Pagination - won't scrape all pages :(

Hey Guys, I'm trying to scrape all of the 1267 locations (site name and addresses) listed at blinkcharging. I have tried creating a sitemap to paginate through all the pages however it only outputs about ~550 results.. I've tried working through some examples to no avail.. not sure what I'm doing wrong here. Any help would be greatly appreciated. Thanks!

Url: https://prod.blinknetwork.com/blinkMap.html?lat=36.70365959719456&lng=-97.9541015625&z=4#

Sitemap:
{"_id":"blink2","startUrl":["https://prod.blinknetwork.com/blinkMap.html?lat=36.70365959719456&lng=-97.9541015625&z=4#"],"selectors":[{"id":"pagination","type":"SelectorElementClick","parentSelectors":["_root"],"selector":"div#leftColumn","multiple":true,"delay":"200","clickElementSelector":"li.simplePagerNav:nth-of-type(8) a","clickType":"clickMore","discardInitialElements":false,"clickElementUniquenessType":"uniqueHTMLText"},{"id":"site","type":"SelectorElement","parentSelectors":["pagination"],"selector":"div.addressBody","multiple":true,"delay":0},{"id":"info","type":"SelectorText","parentSelectors":["site"],"selector":"parent","multiple":false,"regex":"","delay":0}]}

Hey,

Firstly, a 0.2 second delay is a bit risky, as that might not be sufficient for the page to completely render and it might cause your scraping job to crash. Usually, 1.5-2s is a good range.

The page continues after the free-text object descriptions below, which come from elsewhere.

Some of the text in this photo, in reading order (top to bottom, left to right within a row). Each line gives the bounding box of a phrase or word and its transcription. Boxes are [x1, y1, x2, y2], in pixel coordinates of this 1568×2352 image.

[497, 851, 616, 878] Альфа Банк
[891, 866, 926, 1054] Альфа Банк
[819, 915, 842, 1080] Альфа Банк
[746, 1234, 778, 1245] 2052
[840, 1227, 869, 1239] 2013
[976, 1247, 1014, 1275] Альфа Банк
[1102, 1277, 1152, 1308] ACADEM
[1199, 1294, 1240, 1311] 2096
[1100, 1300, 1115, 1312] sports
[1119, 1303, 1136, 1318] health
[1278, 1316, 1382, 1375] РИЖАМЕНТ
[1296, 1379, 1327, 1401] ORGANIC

Secondly, you selected the 'Next' button with :nth-of-type(8) selector, which work fine on the first page, but as the pages progress the 'Next' button is not in the 8th position anymore, so you get a click on an element that is in it, which in this case shifts to a page number, causing it to skip pages. To mitigate this issue, when selecting the Click button, you can use a:contains('Next') selector, that will only press on an element, that contains 'Next' in it regardless of where the button is positioned.

Here is a sitemap, that works:

{"_id":"blink2","startUrl":["https://prod.blinknetwork.com/blinkMap.html?lat=36.70365959719456&lng=-97.9541015625&z=4#"],"selectors":[{"id":"pagination","type":"SelectorElementClick","parentSelectors":["_root"],"selector":".locationDetails","multiple":true,"delay":"1500","clickElementSelector":"li.simplePagerNav a:contains('Next')","clickType":"clickMore","discardInitialElements":false,"clickElementUniquenessType":"uniqueCSSSelector"},{"id":"name","type":"SelectorText","parentSelectors":["pagination"],"selector":".name","multiple":false,"regex":"","delay":0},{"id":"address","type":"SelectorText","parentSelectors":["pagination"],"selector":".addressBody","multiple":false,"regex":"","delay":0}]}

1 Like

Thanks so much, webber! Appreciate it.